One report has shown significantly shortened telomeres in lesional LCH cells compared with LCs in inflammatory disorders such as dermatopathic lymphadenitis.[18] However, another group found telomere length of LCH cells from skin multisystem lesions were long compared with those from bone lesions that were heterogeneous in length.[19] Telomerase was more often expressed in skin LCH lesions than in bone lesions. In another study evaluation of peripheral blood leukocyte DNA from high-risk LCH patients showed polymorphisms of two cytokine genes (IL-4 and interferon gamma), which were associated with high-expressor phenotypes.[20]

Activating mutation of the BRAF gene (V600E) was detected in 35 of 61 (57%) LCH biopsy samples, with mutations being more common in patients younger than 10 years (76%) than in patients aged 10 years and older (44%).[21] Activating BRAF mutations are also found in selected nonmalignant conditions (e.g., benign nevi) [22] and low-grade malignancies (e.g., pilocytic astrocytoma).[23,24] All of these conditions have in common a generally indolent course with spontaneous resolution sometimes occurring. This distinctive clinical course may be a manifestation of oncogene-induced senescence.[22,25]

Cytokine Analysis by Immunohistochemical Staining and Gene Expression Array Studies

Immunohistochemical staining of LCH lesions have shown apparent upregulation of the chemokines CCR6 and possibly CCR7.[26,27] In an analysis of gene expression in LCH by gene array techniques, 2,000 differentially expressed genes were identified. Of 65 genes previously reported to be associated with LCH, only 11 were found to be upregulated in the array results. The most highly upregulated gene in both CD207 and CD3-positive cells was osteopontin; other genes that activate and recruit T cells to sites of inflammation are also upregulated. The expression profile of the T cells was that of an activated regulatory T-cell phenotype with increased expression of FOXP3, CTLA4, and osteopontin. These findings support a previous report on the expansion of regulatory T cells in LCH.[7] There was pronounced expression of genes associated with early myeloid progenitors including CD33 and CD44, which is consistent with an earlier report of elevated myeloid dendritic cells in the blood of LCH patients.[28] A model of "Misguided Myeloid Dendritic Cell Precursors" has been proposed whereby myeloid dendritic cell precursors are recruited to sites of LCH by an unknown mechanism and the dendritic cells in turn recruit lymphocytes by excretion of osteopontin, neuropilin-1, and vannin-1.[4]
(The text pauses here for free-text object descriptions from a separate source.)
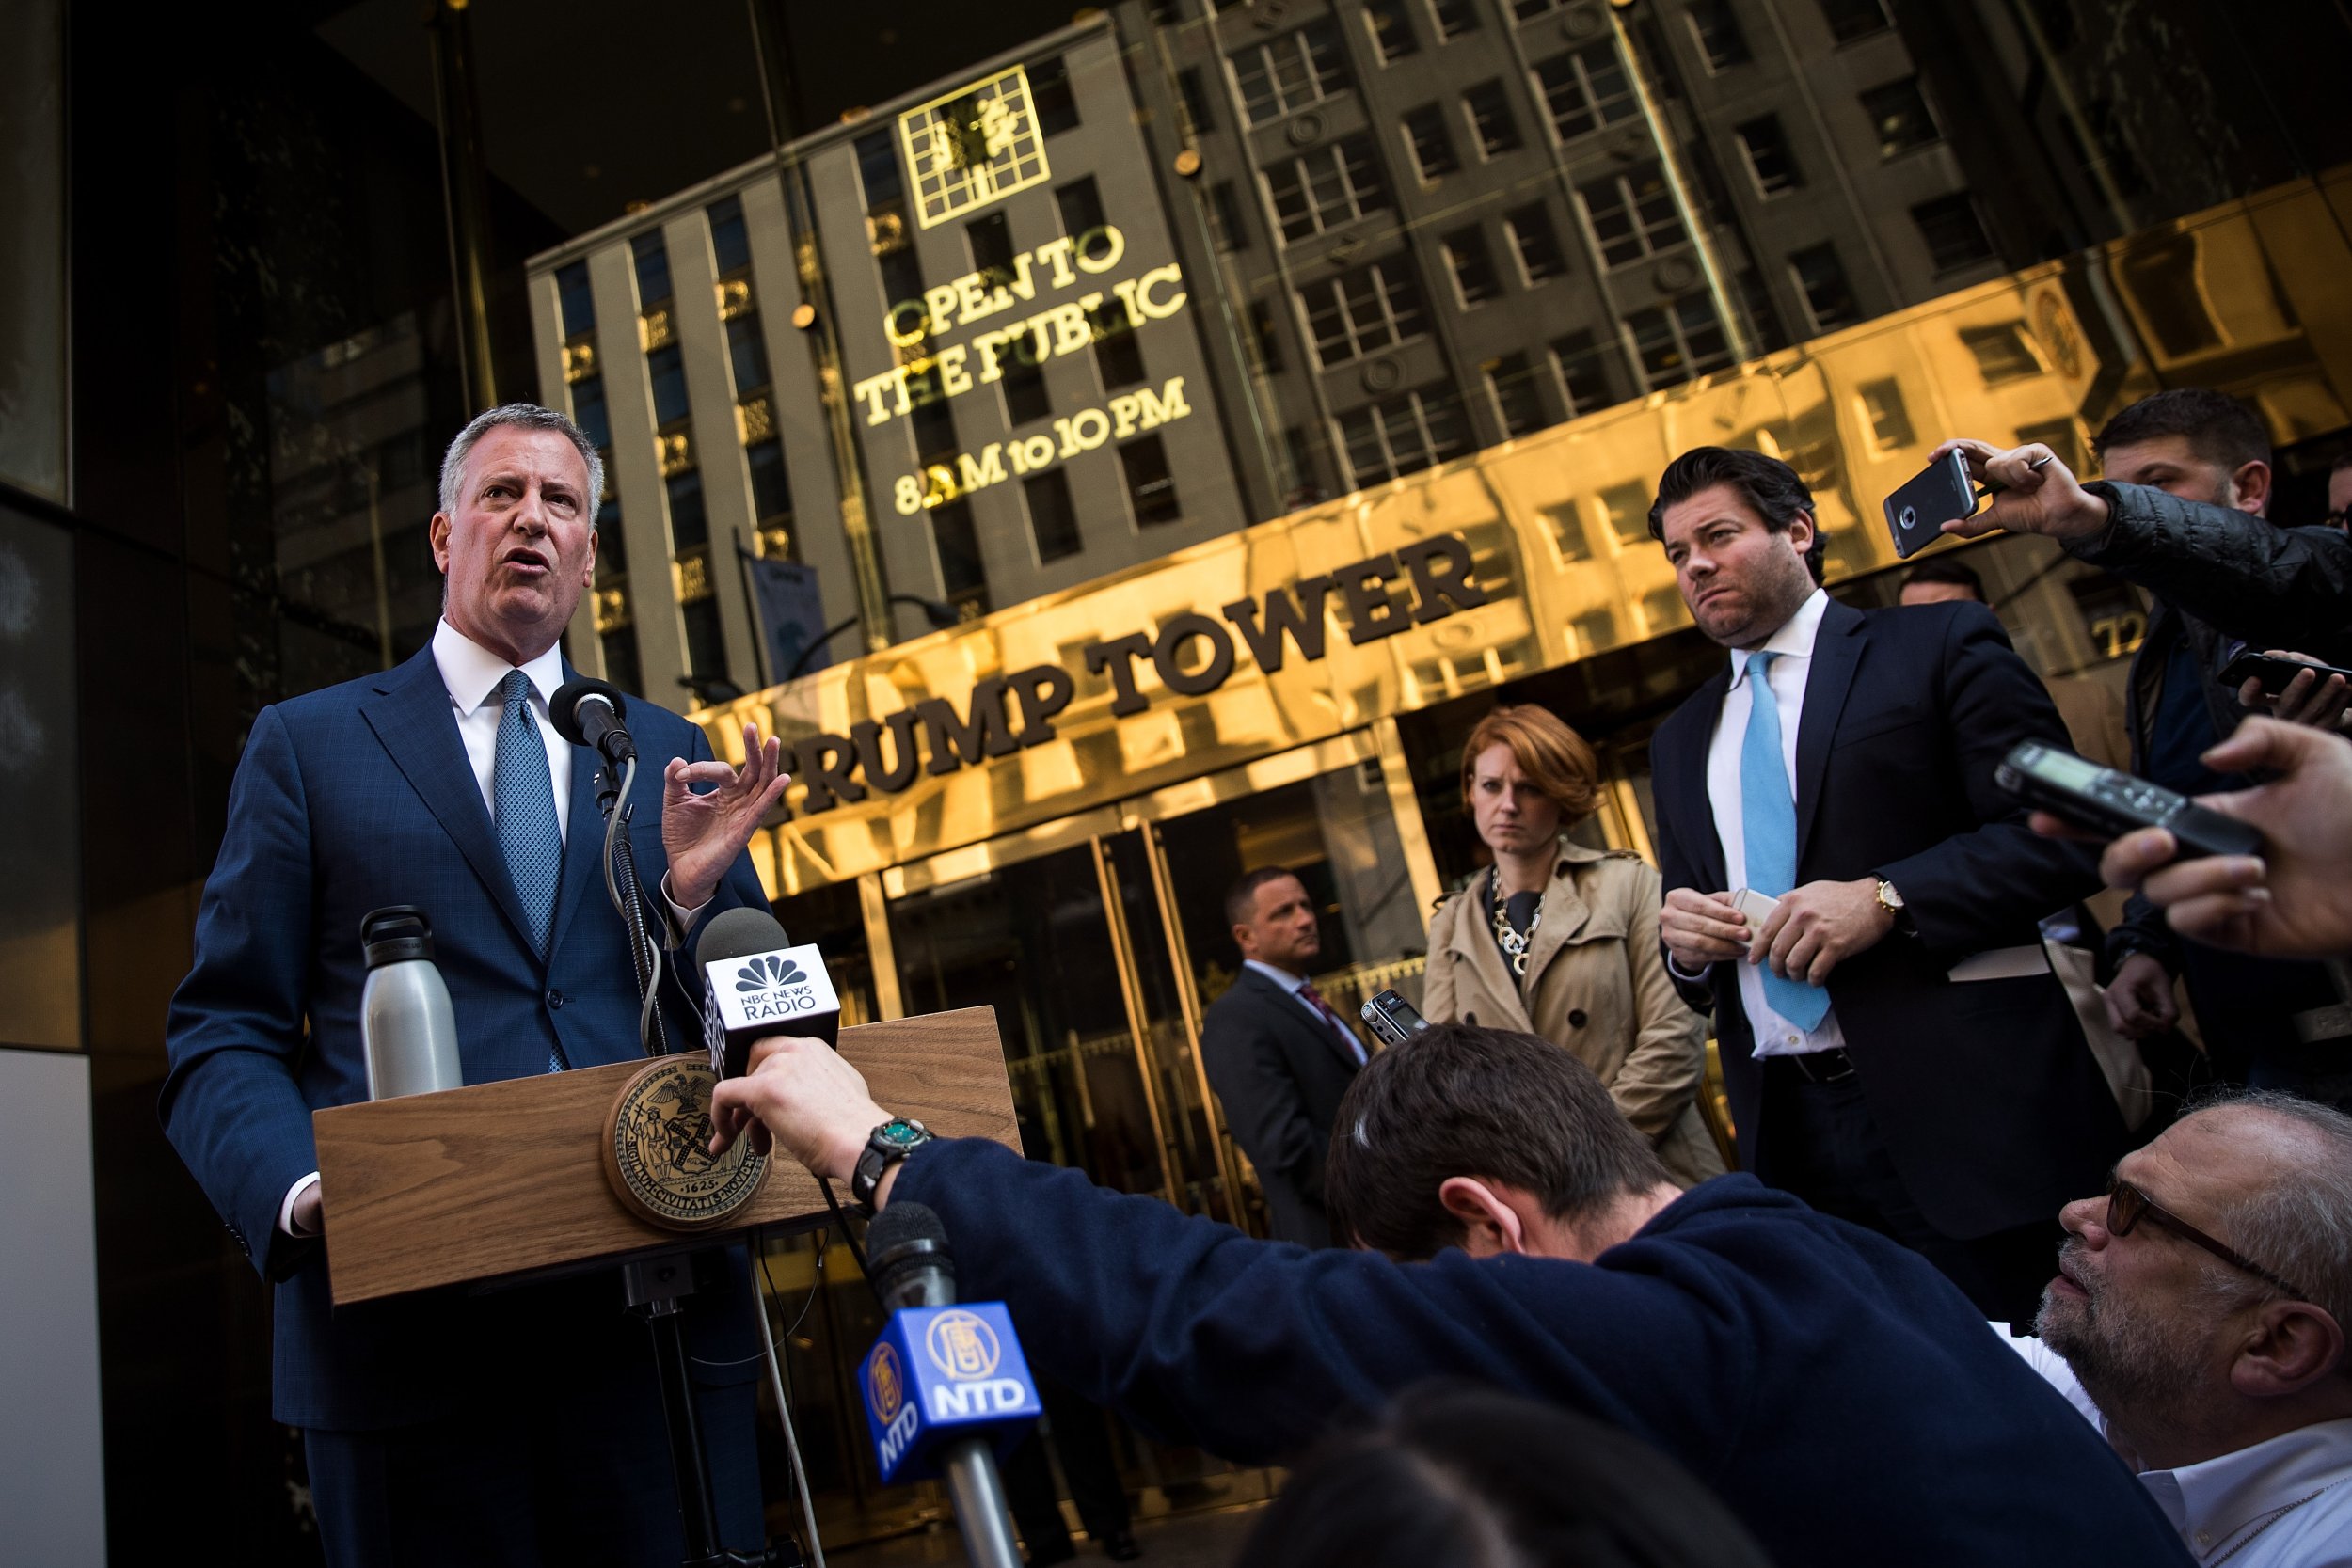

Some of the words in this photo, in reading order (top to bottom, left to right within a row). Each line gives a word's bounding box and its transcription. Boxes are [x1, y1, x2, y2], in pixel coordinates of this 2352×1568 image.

[884, 251, 1033, 347] OPEN
[1037, 225, 1125, 289] TO
[853, 344, 973, 426] THE
[973, 262, 1187, 383] PUBLIC
[1007, 434, 1055, 476] to
[1084, 531, 1488, 719] TOWER
[741, 993, 771, 1006] NBC
[773, 985, 813, 1001] NEWS
[743, 995, 816, 1021] RADIO
[933, 1377, 1025, 1417] NTD
[879, 1401, 919, 1471] NTD
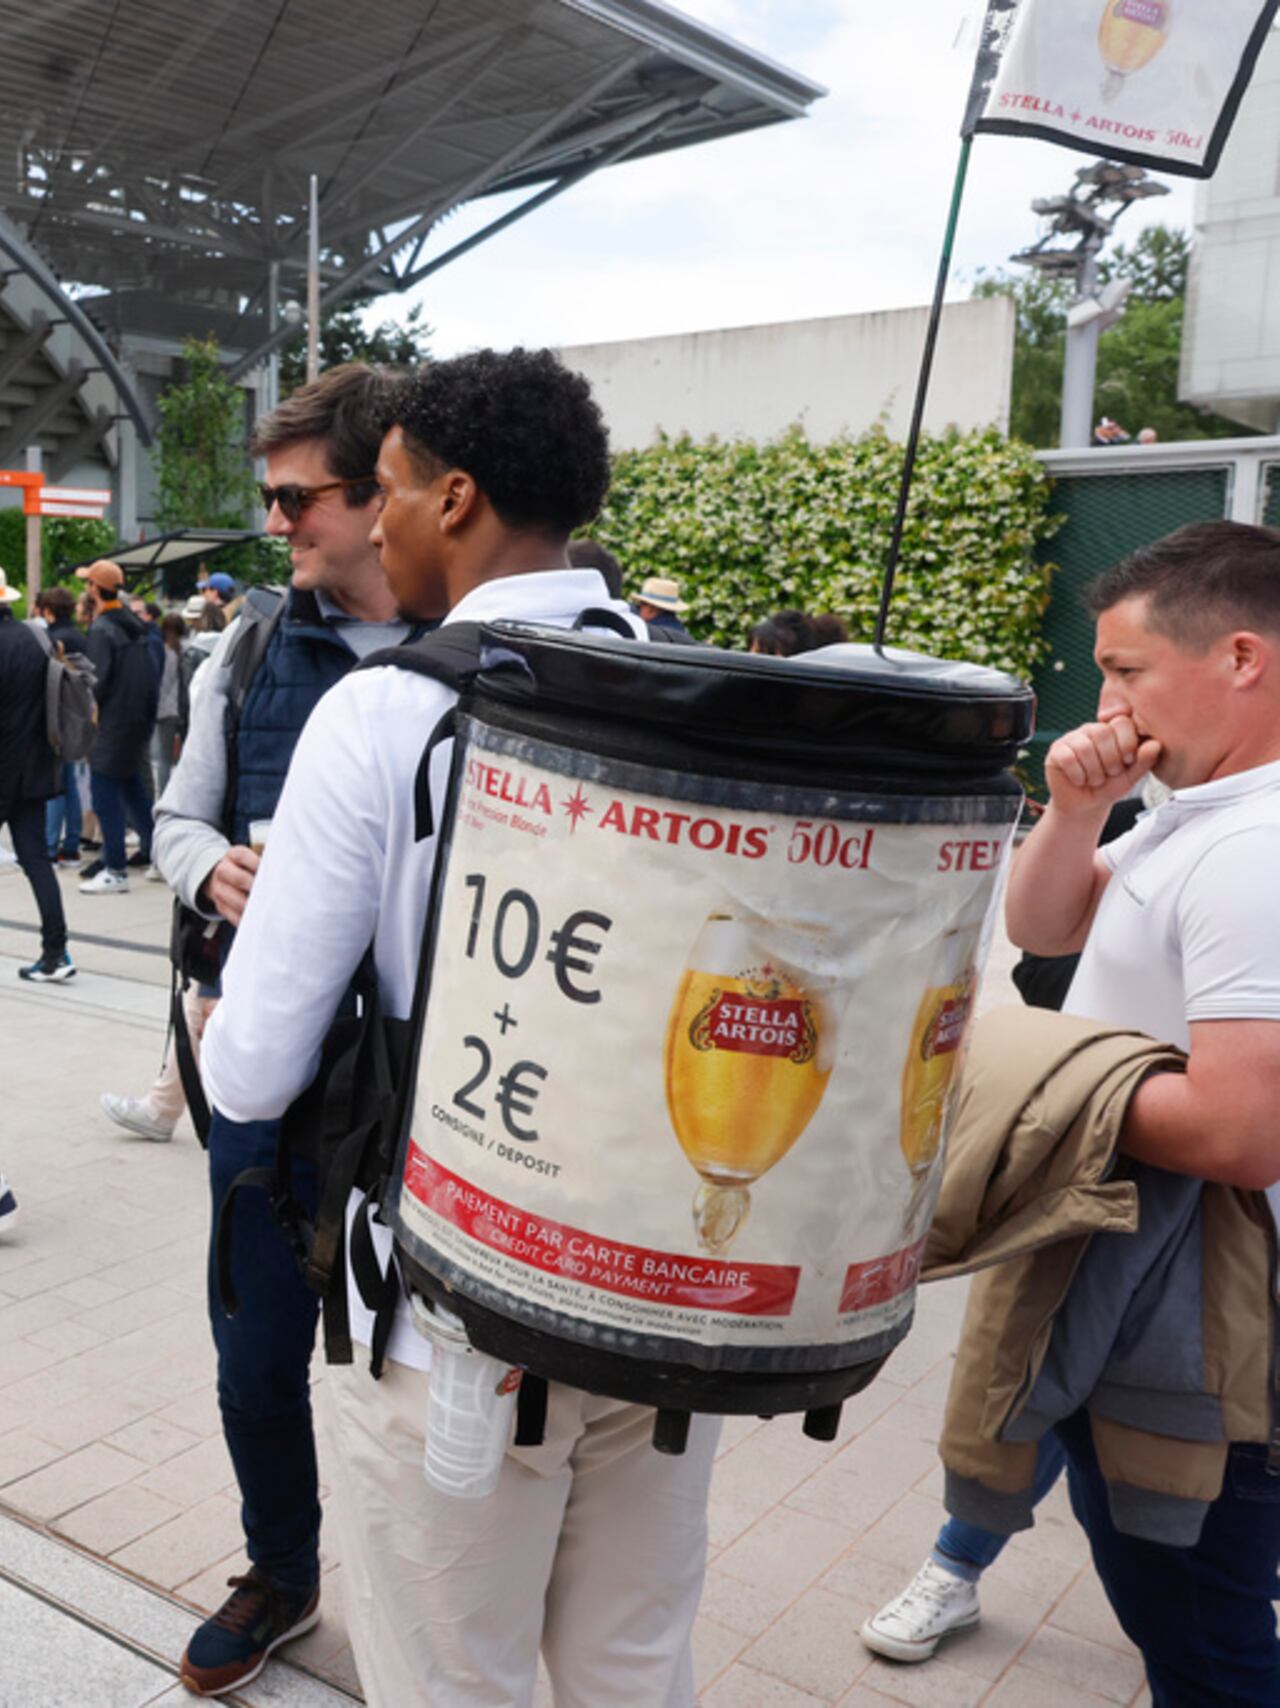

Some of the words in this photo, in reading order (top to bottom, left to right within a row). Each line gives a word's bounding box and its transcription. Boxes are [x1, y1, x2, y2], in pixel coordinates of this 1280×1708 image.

[999, 92, 1064, 119] STELLA
[1085, 115, 1155, 142] ARTOIS
[467, 759, 552, 816] STELLA
[598, 800, 769, 860] ARTOIS
[787, 820, 875, 870] 50cl
[465, 874, 613, 1004] 10€
[714, 1022, 797, 1046] ARTOIS
[719, 1003, 799, 1028] STELLA
[452, 1035, 549, 1142] 2€
[431, 1104, 485, 1146] CONSIGNE
[497, 1143, 561, 1178] DEPOSIT
[447, 1179, 521, 1231] PAIEMENT
[525, 1222, 564, 1248] PAR
[569, 1237, 635, 1271] CARTE
[642, 1258, 751, 1287] BANCAIRE
[589, 1266, 673, 1296] PAYMENT
[677, 1312, 707, 1326] AVEC
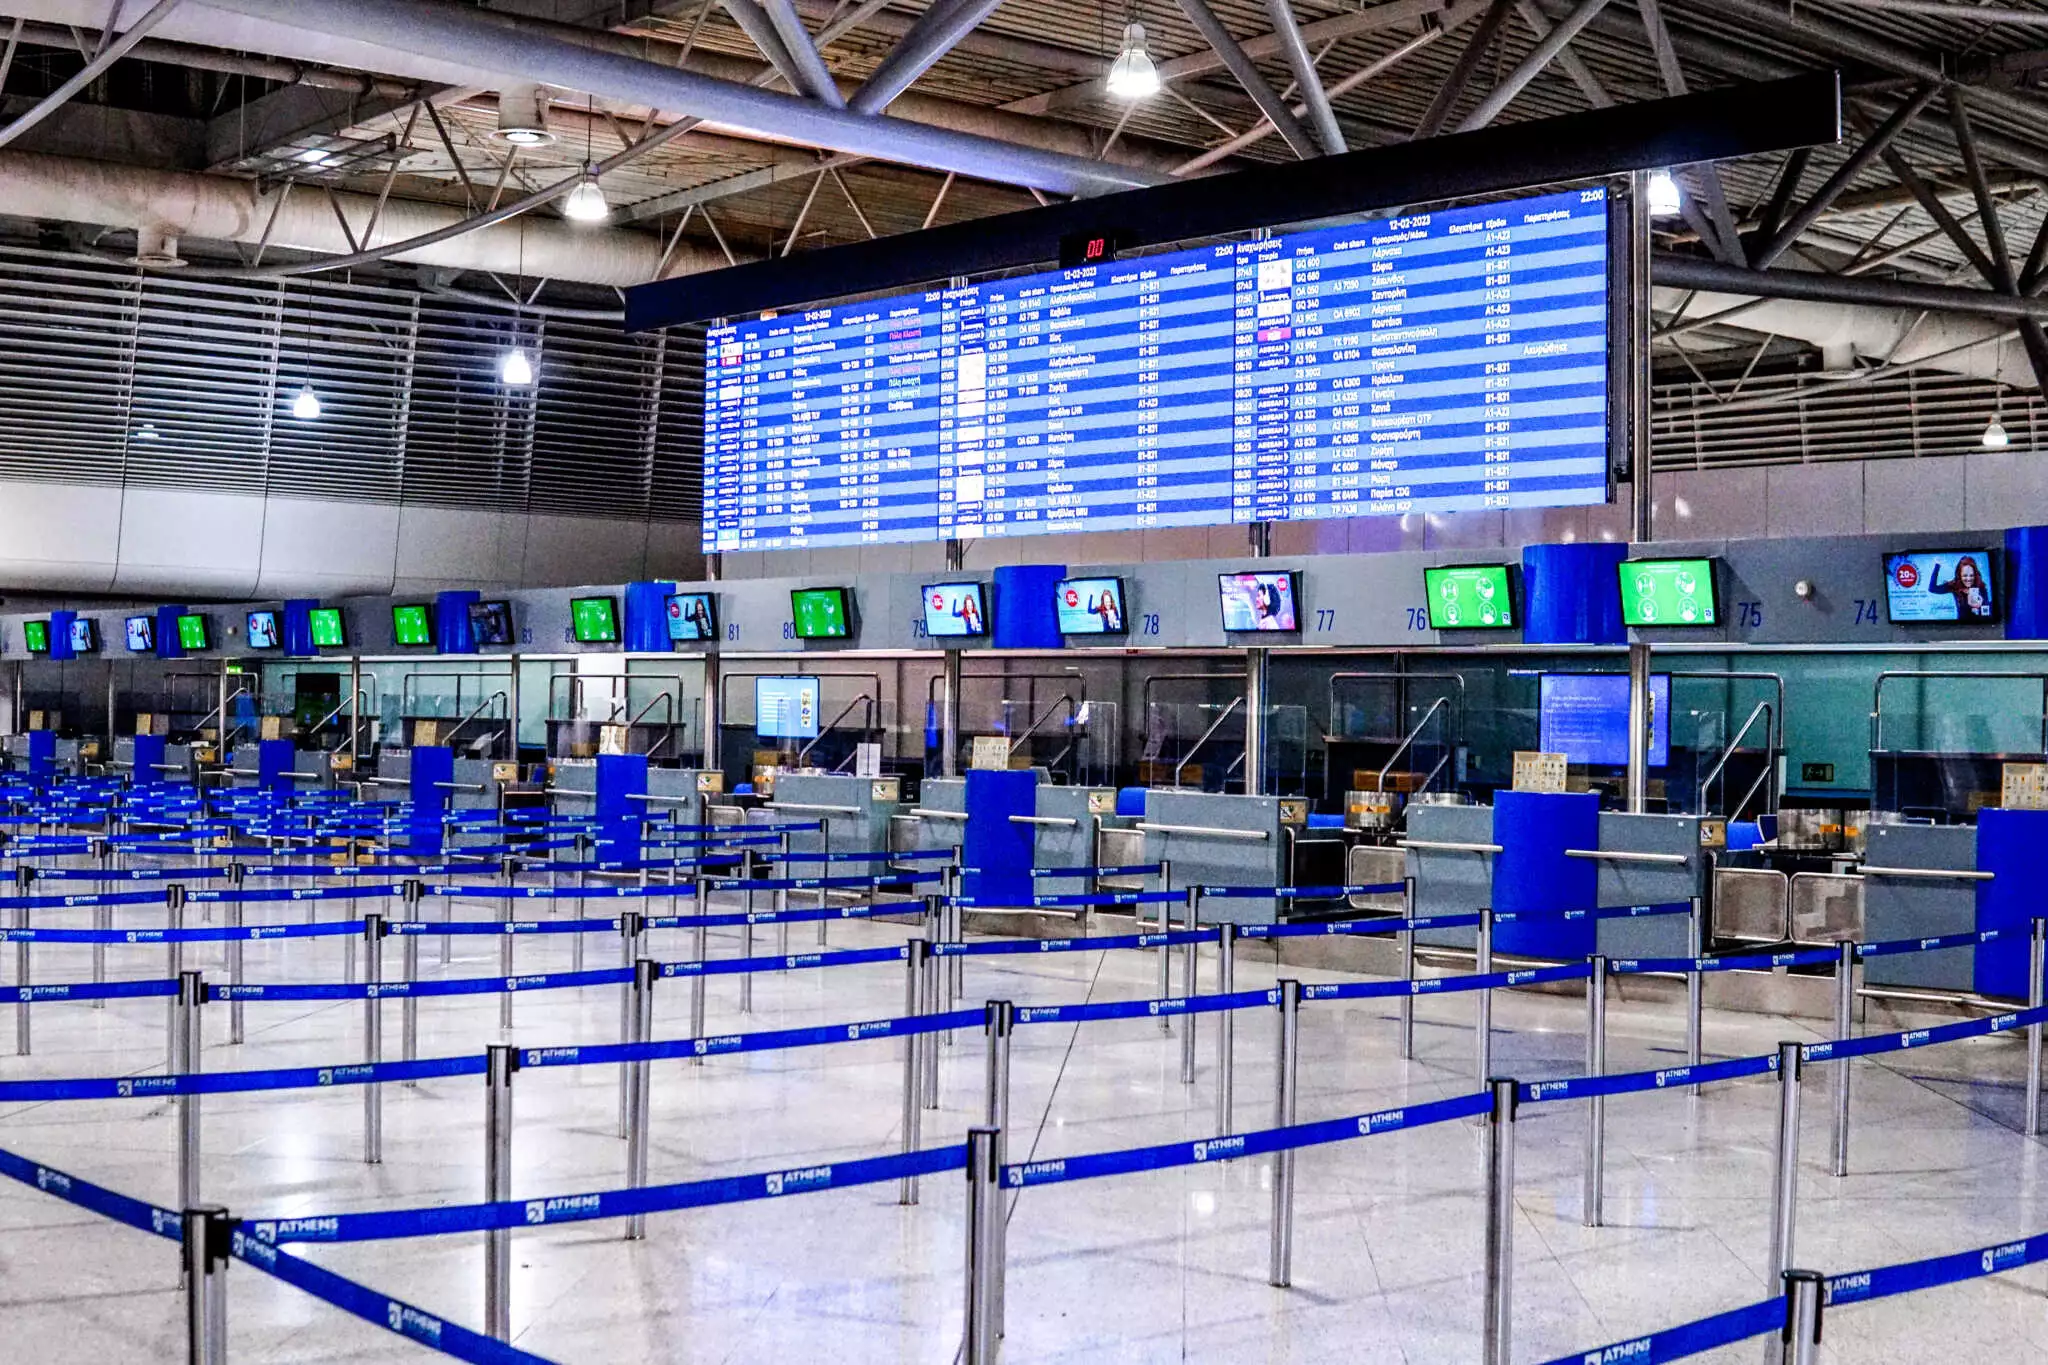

Several investigators have published studies evaluating the level of various cytokines or growth factors in the blood of patients with LCH that have included many of the genes found not to be upregulated by the gene expression results discussed above.[4] One explanation for elevated levels of these proteins is a systemic inflammatory response with the cytokines/growth factors being produced by cells outside the LCH lesions. A second possible explanation is that macrophages in the LCH lesions produce the cytokines measured in the blood or are concentrated in lesions.